Réunion du 18 mars 2009 à 21h30
Projet de loi de finances rectificative pour 2009 — Discussion générale

Photo issue du site de l'Assemblée nationale ou de WikipediaFrançois de Rugy :

Monsieur le président, madame la ministre, monsieur le ministre, mes chers collègues, nous examinons le deuxième collectif budgétaire de l'année, et le quatrième depuis le début de la session parlementaire. Certes, on pourrait considérer que c'est un exercice normal parce que la crise s'amplifie, mais cela sonne comme un aveu d'impuissance par rapport aux précédentes annonces et au plan de relance de 26 milliards d'euros.

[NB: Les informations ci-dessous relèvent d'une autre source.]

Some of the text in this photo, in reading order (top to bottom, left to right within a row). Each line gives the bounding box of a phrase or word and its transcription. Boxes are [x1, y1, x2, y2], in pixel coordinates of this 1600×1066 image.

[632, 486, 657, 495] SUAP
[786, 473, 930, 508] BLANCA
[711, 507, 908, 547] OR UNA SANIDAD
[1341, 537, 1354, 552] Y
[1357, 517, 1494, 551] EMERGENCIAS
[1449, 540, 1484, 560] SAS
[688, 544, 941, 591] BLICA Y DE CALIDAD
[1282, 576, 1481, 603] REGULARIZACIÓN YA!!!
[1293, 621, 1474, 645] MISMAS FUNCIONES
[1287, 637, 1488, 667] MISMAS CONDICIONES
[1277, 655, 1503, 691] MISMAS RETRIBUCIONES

Nous étions nombreux, sur les bancs de l'opposition mais aussi de la majorité, à souhaiter que vous complétiez votre plan centré exclusivement sur l'investissement par un plan visant également les revenus des ménages. Vous reconnaissez implicitement aujourd'hui que votre stratégie – que vous aviez présentée comme étant la seule possible – est, en fait, insoutenable. Il suffit de voir ce qui se passe dans les autres pays européens, mais aussi aux États-Unis pour se convaincre que c'est une nécessité sociale et économique de se préoccuper des revenus des ménages.

Il faut entendre la voix des entrepreneurs qui voient les carnets de commandes se vider. Il y a quelques jours, dans le journal Les Échos, le président de l'association d'entrepreneurs Croissance Plus, qui, d'ordinaire, ne vous est pas hostile, en appelait à un choc psychologique par une relance de la consommation. Il ne s'agit pas pour nous de défendre la consommation pour la consommation. En tant qu'écologistes, nous avons souvent dénoncé l'illusion de la croissance pour la croissance. Mais on ne peut nier qu'il y a un problème lorsque, pour des millions de personnes, la consommation signifie avant tout l'achat de produits de première nécessité et ce phénomène touche directement une part importante des classes moyennes.

À cet égard, je citerai l'exemple de Jacques dont il est fait état dans un article du journal Le Monde daté d'aujourd'hui. Ouvrier dans une usine de grues, il touchait 1 600 euros par mois. Il a trois enfants et sa femme est en congé parental. Ayant perdu une part de son revenu en raison de périodes de chômage partiel, il a environ 800 euros de crédits à rembourser – crédit immobilier et crédits à la consommation. Il a été obligé de déposer un dossier de surendettement et il est aujourd'hui privé de Carte bleue et de chéquier. Quand on parle des problèmes de revenu des ménages, quand on parle de relance de la consommation, voilà de quoi on parle !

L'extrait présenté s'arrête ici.